どういう意味だろう、と私が戸惑っているうちに、遠野くんは続ける。
「まだ言葉を覚えたての小さい子どもがさ、うまく喋れないなんて当たり前のことだろ。一ノ瀬の兄貴が何歳か知らないけどさ、少なくとも一ノ瀬よりは上のはずだろ? その兄貴からすれば、下手で当たり前なんだよ。それを真に受けるから、自信がなくなったんじゃないのか?」
お兄ちゃんからすれば、年下の私は能力が低くて当たり前。特に小さい頃はそれが顕著になるのだと、遠野くんは言っている。
「下手だって言われて、自信がなくなって、それを必要以上に気にして自分にブレーキかけてるから、それで喋れなくなってるだけじゃないのか? でも実際はさ、一ノ瀬はもう普通に話せるんだよ。自信持って堂々としてればいいんだ。
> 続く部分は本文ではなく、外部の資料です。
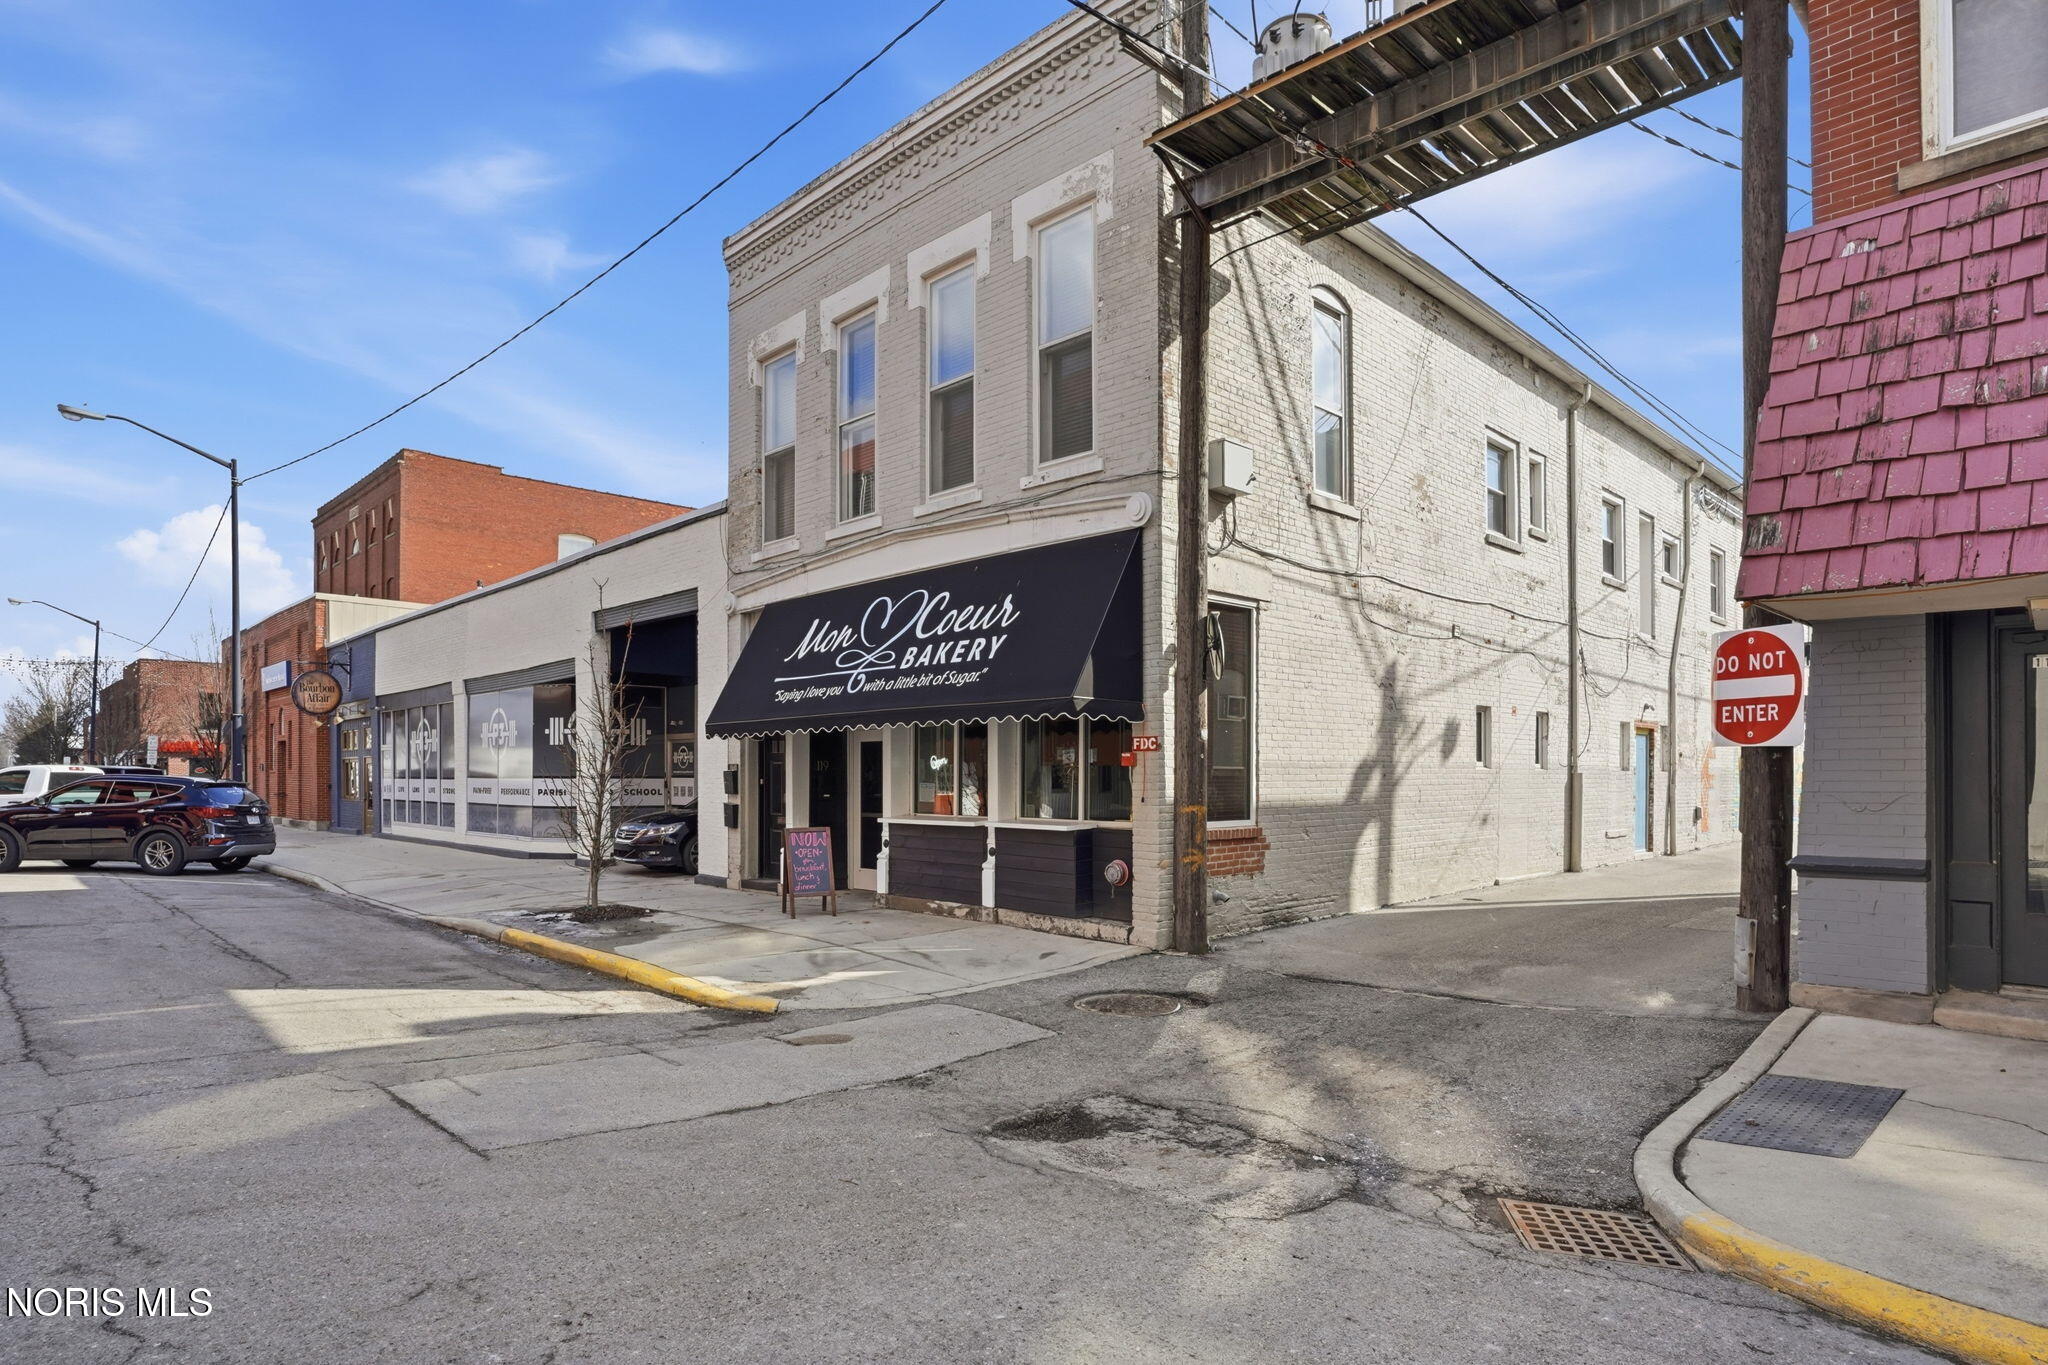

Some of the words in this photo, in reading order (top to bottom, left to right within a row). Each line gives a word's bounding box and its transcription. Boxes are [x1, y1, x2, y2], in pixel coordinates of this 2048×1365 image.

[784, 618, 858, 662] Mon
[915, 591, 1020, 639] Coeur
[899, 634, 1008, 669] BAKERY
[1716, 655, 1740, 674] DO
[1748, 650, 1786, 671] NOT
[299, 681, 335, 692] Bourbon
[807, 685, 827, 698] love
[823, 685, 845, 699] you
[862, 677, 885, 692] with
[885, 680, 894, 690] a
[893, 674, 918, 690] little
[916, 673, 934, 687] bit
[932, 670, 951, 685] of
[307, 692, 330, 703] Affair
[1722, 703, 1779, 723] ENTER
[1133, 737, 1157, 750] FDC
[500, 787, 531, 796] PERFORMANCE
[623, 788, 663, 796] SCHOOL
[790, 832, 827, 846] NOW
だから明日は、天江ともちゃんと話してみろよ。一ノ瀬が真剣に話そうとすれば、あいつだって聞いてくれるだろ」
「そう……なのかな」
今の私なら、その気になれば普通の人みたいに話せる。
本当にそうなのだろうか。
まだ半信半疑ではあるけれど、遠野くんがそう言ってくれるなら、本当にそんな気がしてくるから不思議だ。
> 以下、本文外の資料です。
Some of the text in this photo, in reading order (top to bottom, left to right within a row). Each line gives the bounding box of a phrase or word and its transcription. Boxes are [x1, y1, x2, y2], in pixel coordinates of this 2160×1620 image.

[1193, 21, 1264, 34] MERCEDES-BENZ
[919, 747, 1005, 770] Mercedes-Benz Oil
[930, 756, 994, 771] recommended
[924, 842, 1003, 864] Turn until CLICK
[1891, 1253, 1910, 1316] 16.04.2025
「がんばれよ。もし逃げられそうになっても、食いつけ。こっちの話を最後まで聞かせてやるまでは、絶対に放すな」
まるで何かのスポーツの試合みたいに語る遠野くんに、私は思わず笑ってしまう。
すると彼も、「へっ」と少しだけ満足そうに笑った。
そうこうしているうちに、私たちの足は駅前までたどり着いた。
JR灘駅。私はここを利用しているけれど、遠野くんはすぐ近くの阪急王子公園駅まで歩くらしい。
「遠野くんは、家に帰ったら空手の稽古をするの?」
彼の家は空手の道場だと聞いている。
私が尋ねると、彼は「ああ」と当たり前のように返事をする。
「すごいね。やっぱり毎日練習してるんだ」
「そういう一ノ瀬は何か習い事とかしてないのか?」
「私は全然。何をやってもセンスないし……」
「ほら、また卑屈になってる」
「う……。ごめん」
遠野くんに注意されて、私は苦笑いしながら謝る。
そろそろお別れの時間かな——と少しだけ寂しい気持ちになっていると、
「……絵は、描いてないのか?」
「え?」
不意に、彼がそんなことを聞いてきた。
絵、というと、絵画教室のことだろうか。
「いや、私は……習ってない、けど」
言いながら、脳裏ではウサギの絵が浮かぶ。
ノートの端っこに描いた、私の落書き。
「そうか。……いや、別に大した意味はないんだ。忘れてくれ」
そう言った彼の顔は、なぜだか少しだけ寂しそうに見えた。
「じゃあな、一ノ瀬。また明日」
「う、うん。また明日……」
駅前のロータリーで、お互いに手を振る。
そうして遠くなっていく彼の背中を、私は見えなくなるまで見送った。